* [Problem description]: The whole listing needs to be written out exactly, except for any images.

= = = = =

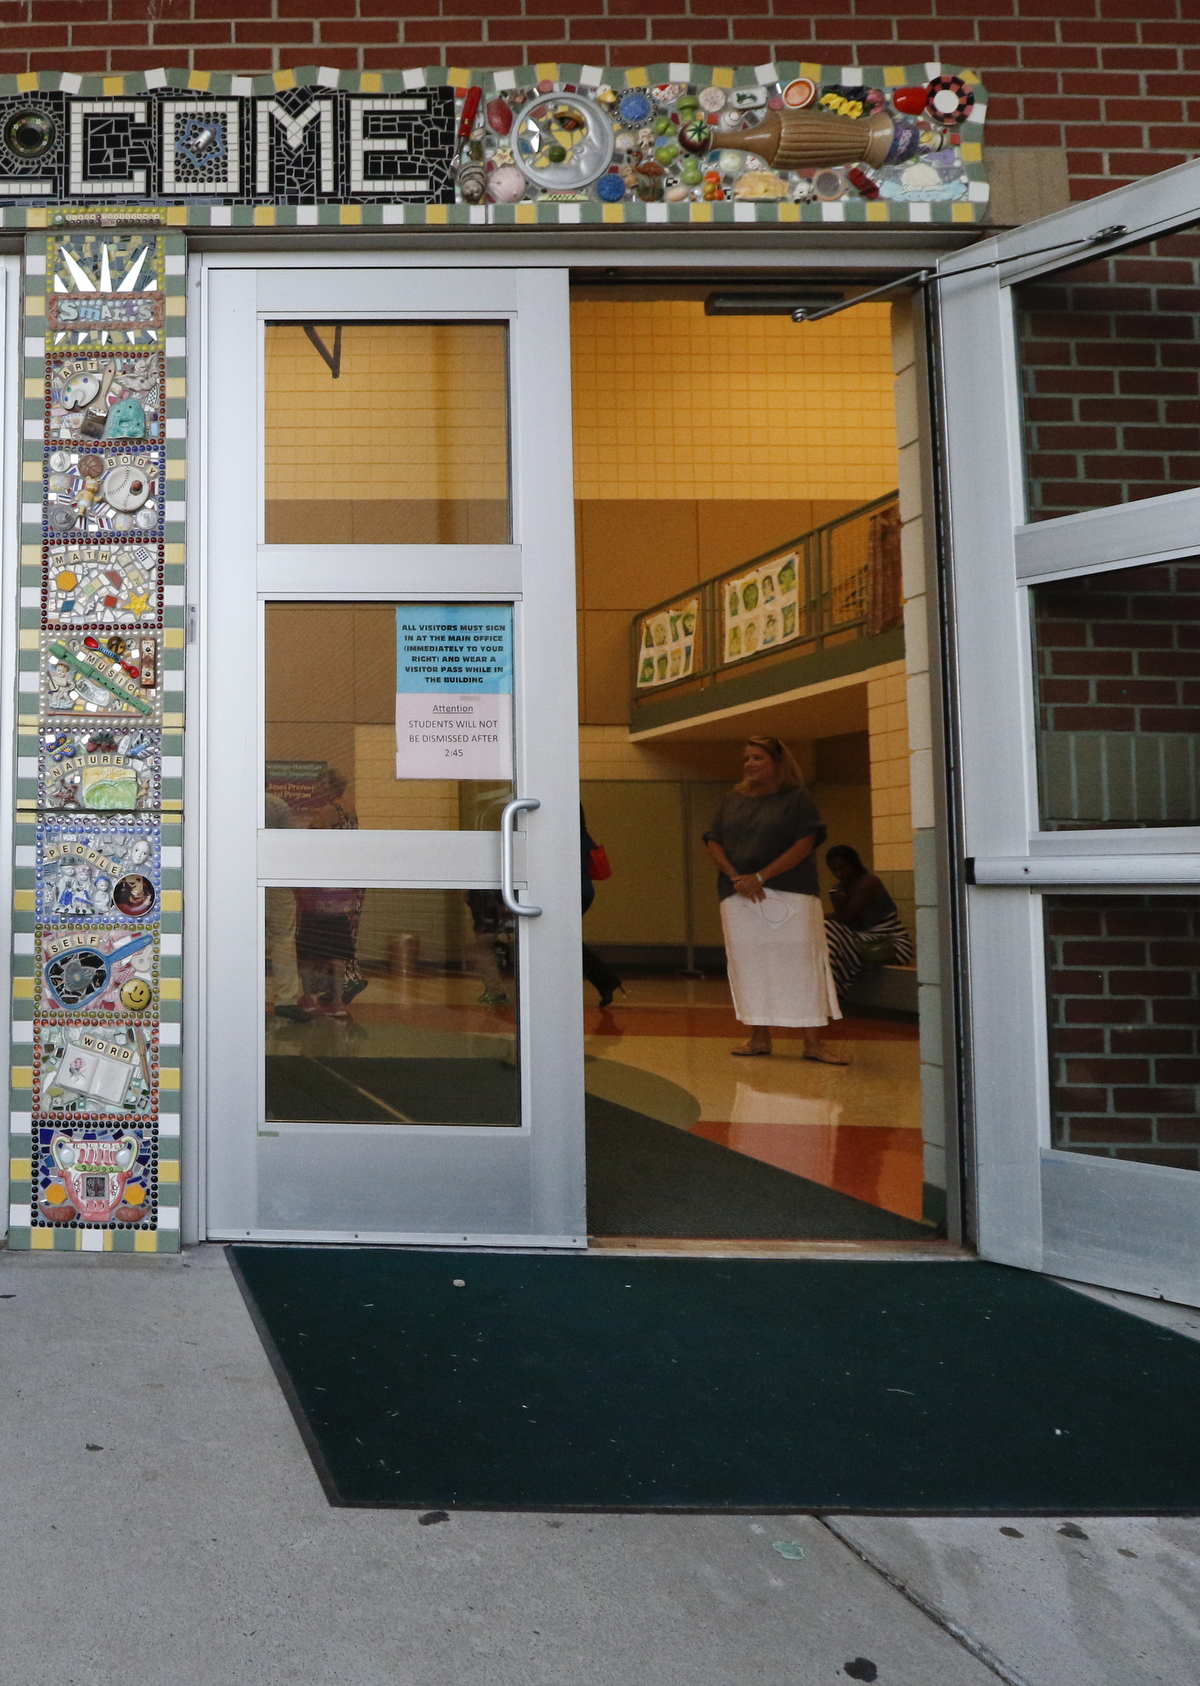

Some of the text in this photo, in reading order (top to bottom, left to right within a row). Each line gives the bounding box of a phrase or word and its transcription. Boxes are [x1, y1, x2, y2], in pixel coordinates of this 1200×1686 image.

[62, 361, 97, 378] ART
[107, 455, 157, 475] BODY
[54, 551, 109, 564] MATH
[86, 654, 136, 693] MUSIC
[432, 704, 474, 713] Attention
[408, 720, 498, 728] STUDENTS WILL NOT
[409, 735, 498, 743] BE DISMISSED AFTER
[444, 749, 463, 757] 2:45
[52, 756, 123, 777] NATURE
[48, 845, 119, 875] PEOPLE
[51, 936, 98, 953] SELF
[83, 1037, 131, 1059] WORD

= = = = =

* [The answer]:
Some of the text in this photo, in reading order (top to bottom, left to right within a row). Each line gives the bounding box of a phrase or word and its transcription. Boxes are [x1, y1, x2, y2], in pixel coordinates of this 1200×1686 image.

[62, 361, 97, 378] ART
[107, 455, 157, 475] BODY
[54, 551, 109, 564] MATH
[86, 654, 136, 693] MUSIC
[432, 704, 474, 713] Attention
[408, 720, 498, 728] STUDENTS WILL NOT
[409, 735, 498, 743] BE DISMISSED AFTER
[444, 749, 463, 757] 2:45
[52, 756, 123, 777] NATURE
[48, 845, 119, 875] PEOPLE
[51, 936, 98, 953] SELF
[83, 1037, 131, 1059] WORD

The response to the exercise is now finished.